Work request:
Scan the records for the line containing "this 1600×1067 image.". From there through the last line, write out each line exactly.

Spatial localization data:
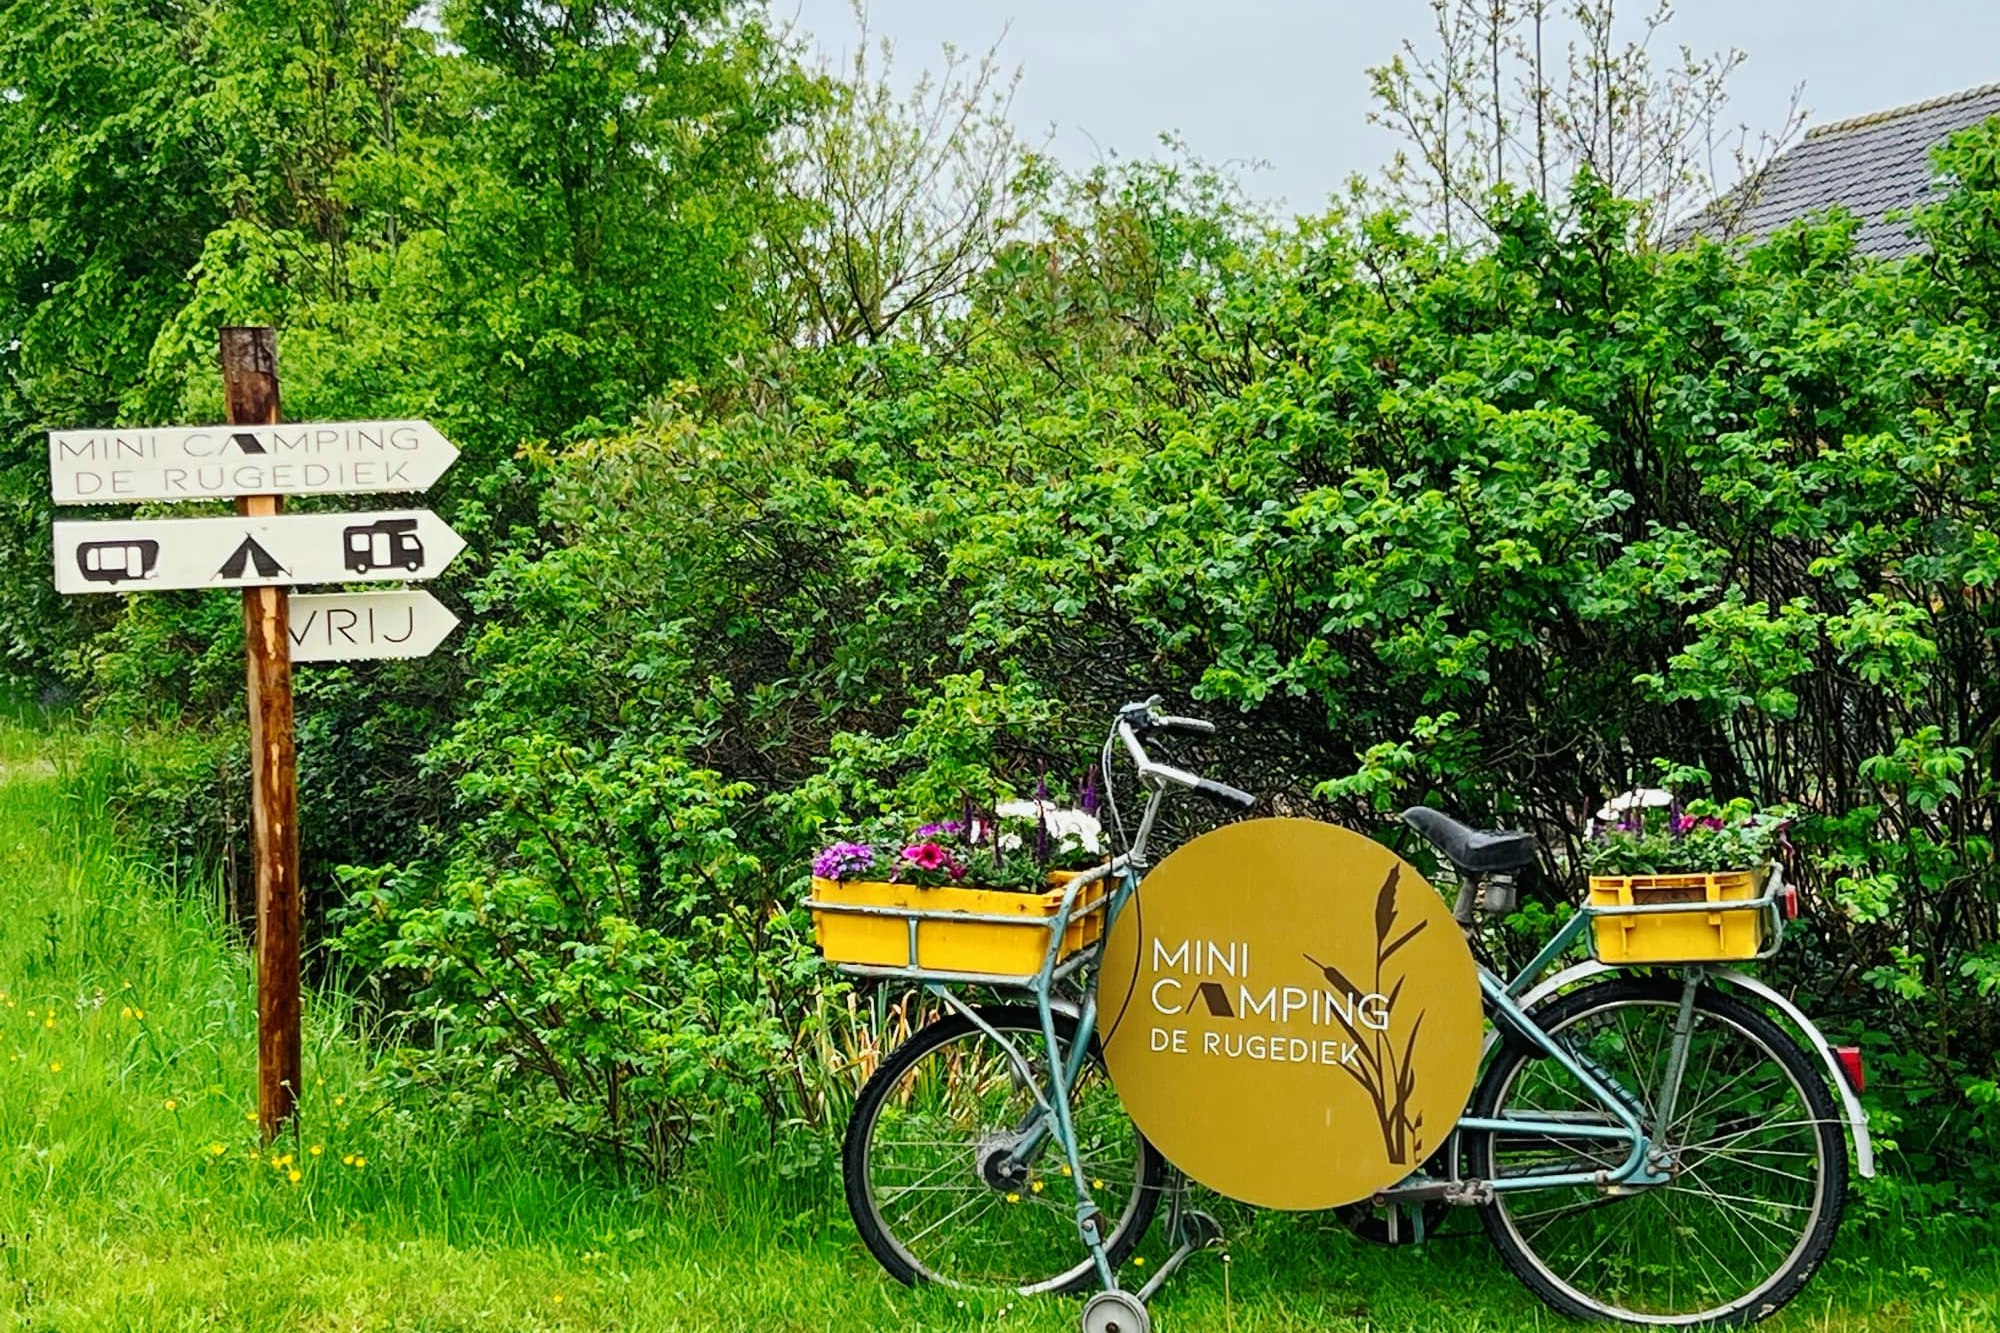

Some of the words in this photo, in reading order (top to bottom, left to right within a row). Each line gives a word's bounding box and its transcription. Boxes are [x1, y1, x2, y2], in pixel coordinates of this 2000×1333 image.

[58, 436, 157, 462] MINI
[183, 427, 420, 458] CAMPING
[75, 470, 134, 495] DE
[164, 461, 411, 491] RUGEDIEK
[288, 605, 414, 647] VRIJ
[1151, 936, 1249, 978] MINI
[1151, 978, 1390, 1032] CAMPING
[1150, 1028, 1188, 1054] DE
[1203, 1032, 1360, 1067] RUGEDIEK
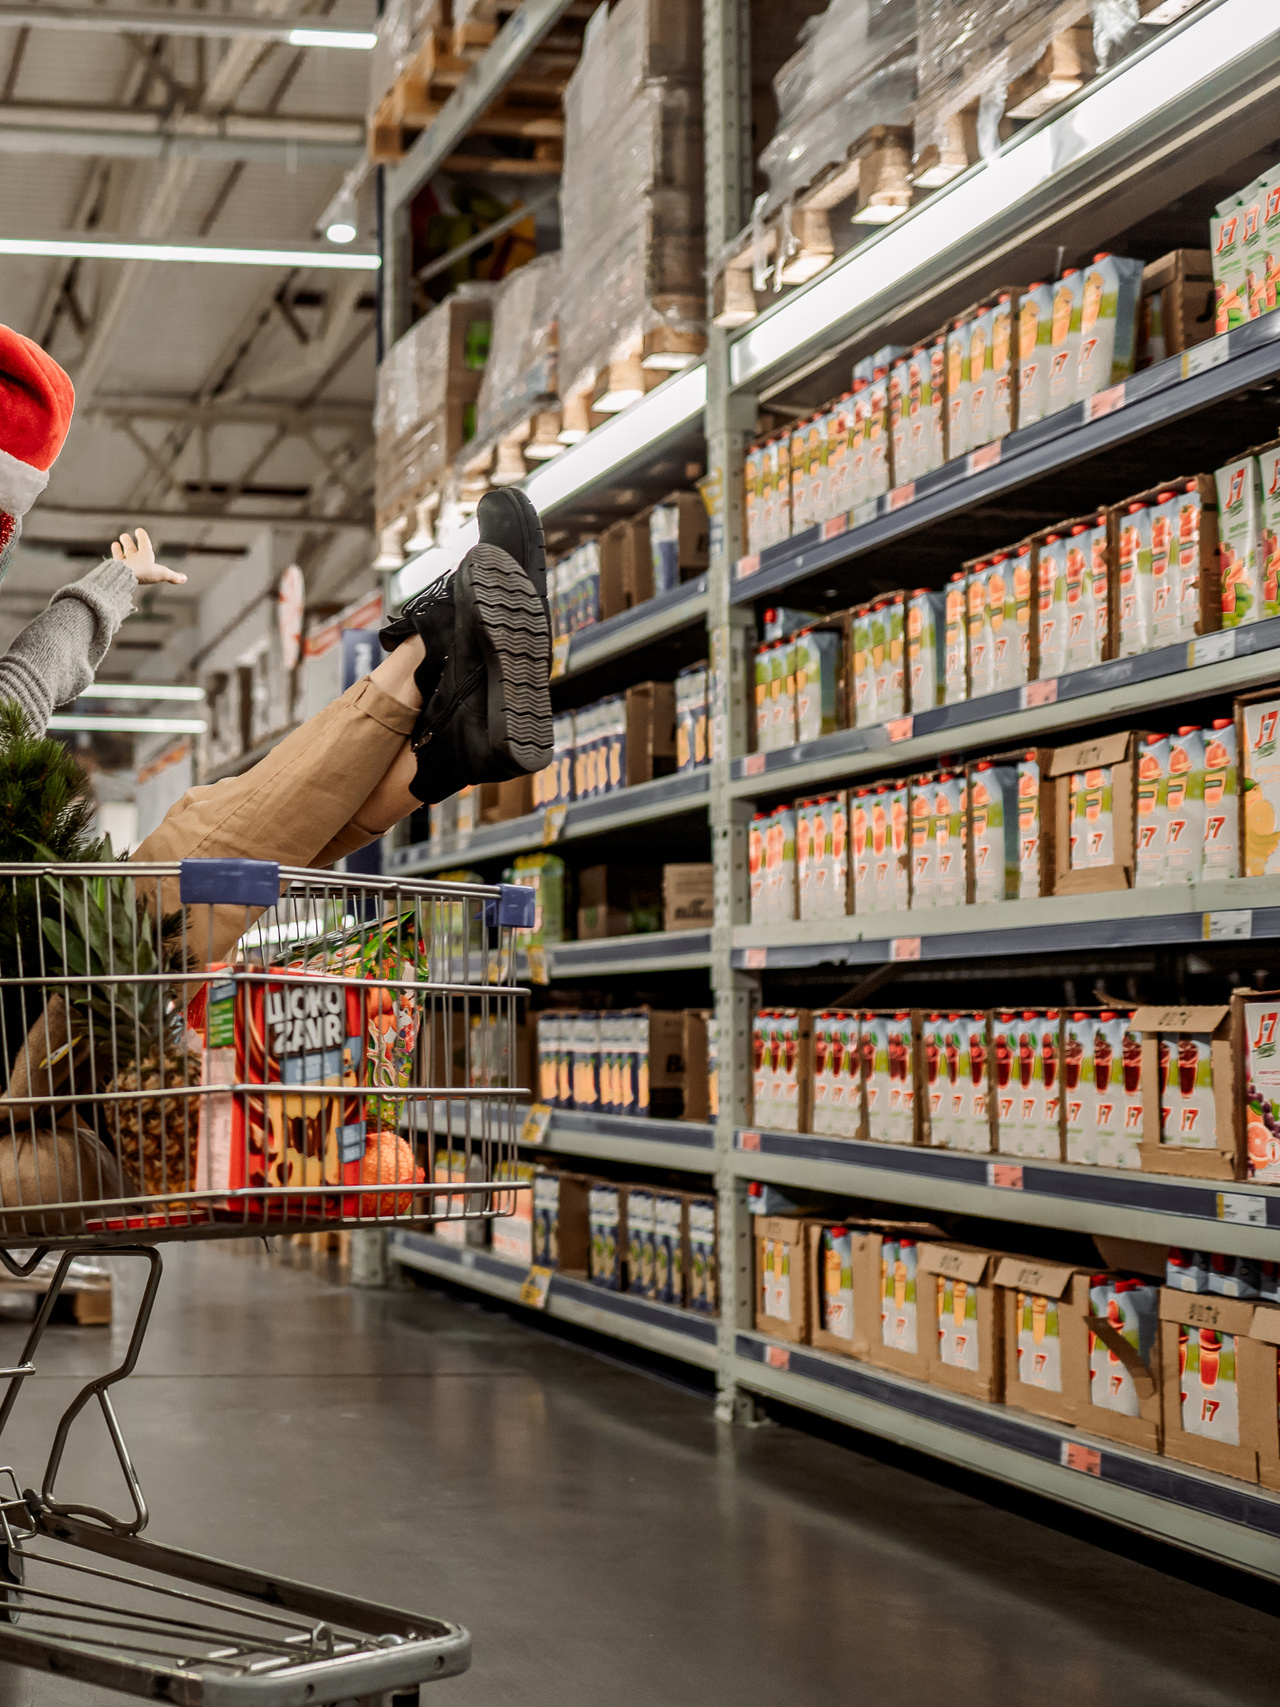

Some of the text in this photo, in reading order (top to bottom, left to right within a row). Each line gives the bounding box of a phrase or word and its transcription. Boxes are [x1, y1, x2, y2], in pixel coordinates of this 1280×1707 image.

[1216, 217, 1238, 253] J7
[1243, 205, 1259, 242] J7
[1226, 469, 1246, 509] J7
[1254, 711, 1279, 748] J7
[1204, 817, 1225, 840] J7
[1253, 1013, 1278, 1048] J7
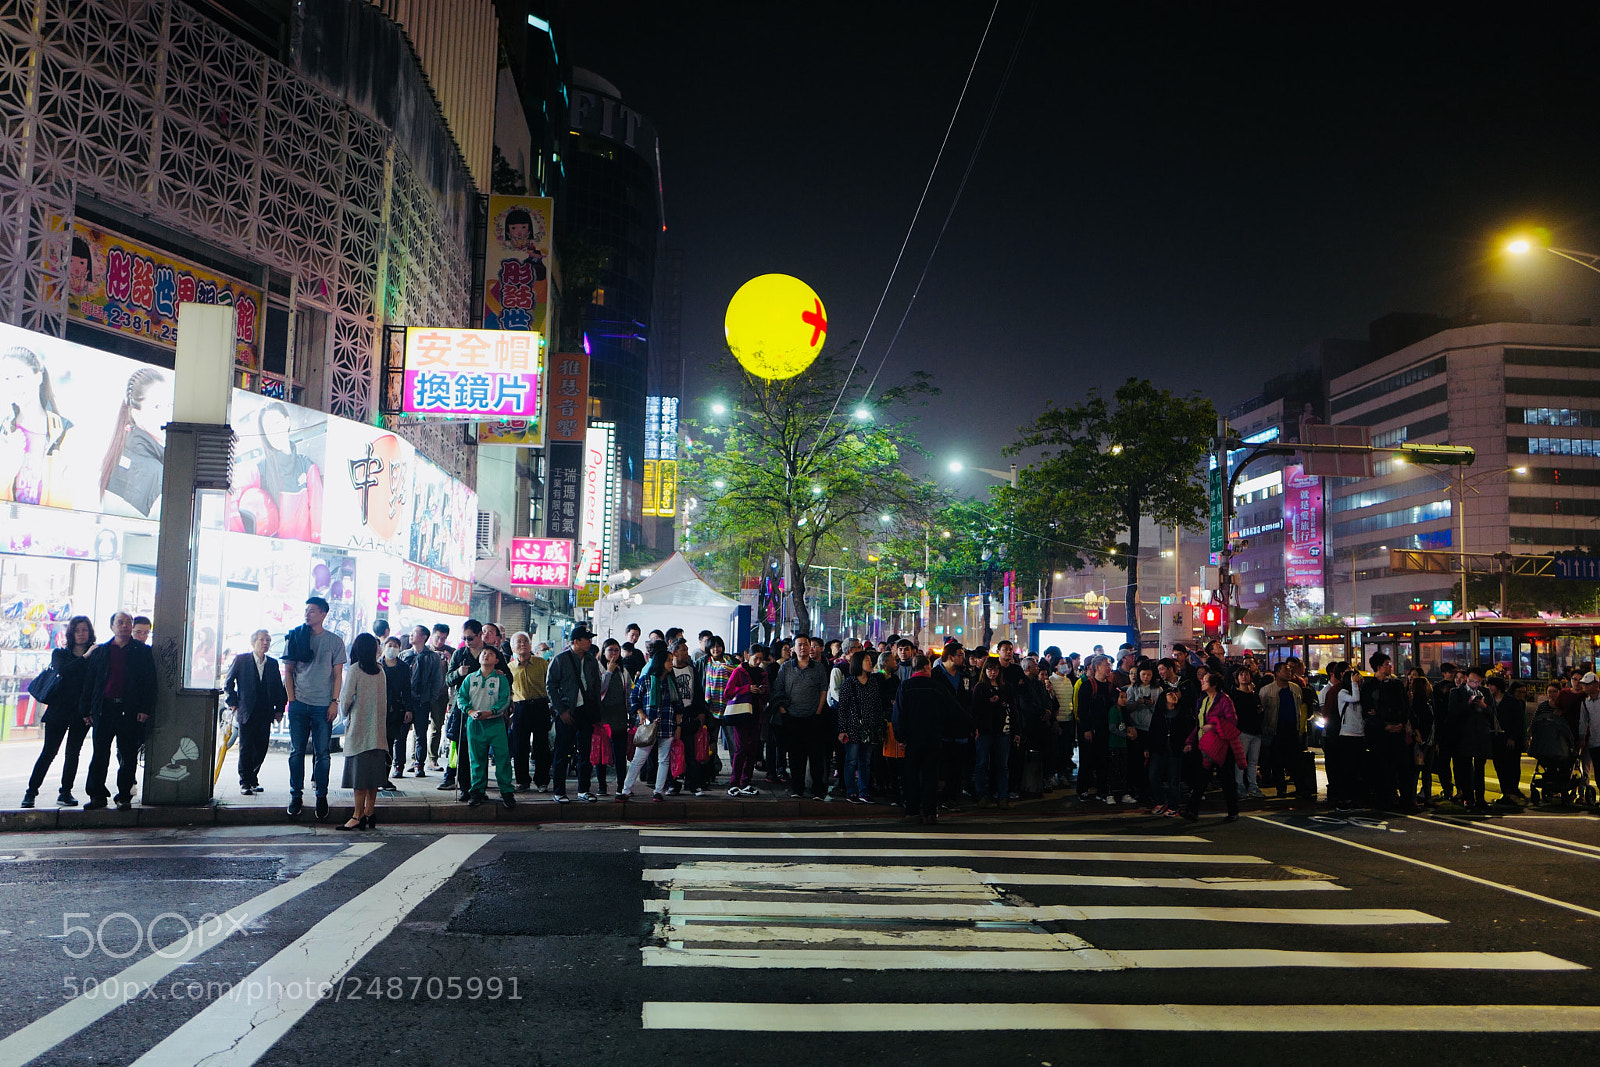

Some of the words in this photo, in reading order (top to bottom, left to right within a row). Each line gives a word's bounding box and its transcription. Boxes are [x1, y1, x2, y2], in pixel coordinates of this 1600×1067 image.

[416, 332, 531, 370] 安全帽
[415, 372, 530, 411] 換鏡片
[555, 359, 582, 438] 雅瑟音響
[552, 468, 562, 532] 工業有限公司
[562, 467, 577, 534] 瑞瑪電氣
[586, 448, 603, 530] Pioneer
[661, 482, 673, 508] Sleep
[513, 564, 567, 582] 頭部按摩

Solution to this task:
Some of the words in this photo, in reading order (top to bottom, left to right within a row). Each line gives a word's bounding box and its transcription. Boxes are [x1, y1, x2, y2], in pixel coordinates of this 1600×1067 image.

[416, 332, 531, 370] 安全帽
[415, 372, 530, 411] 換鏡片
[555, 359, 582, 438] 雅瑟音響
[552, 468, 562, 532] 工業有限公司
[562, 467, 577, 534] 瑞瑪電氣
[586, 448, 603, 530] Pioneer
[661, 482, 673, 508] Sleep
[513, 564, 567, 582] 頭部按摩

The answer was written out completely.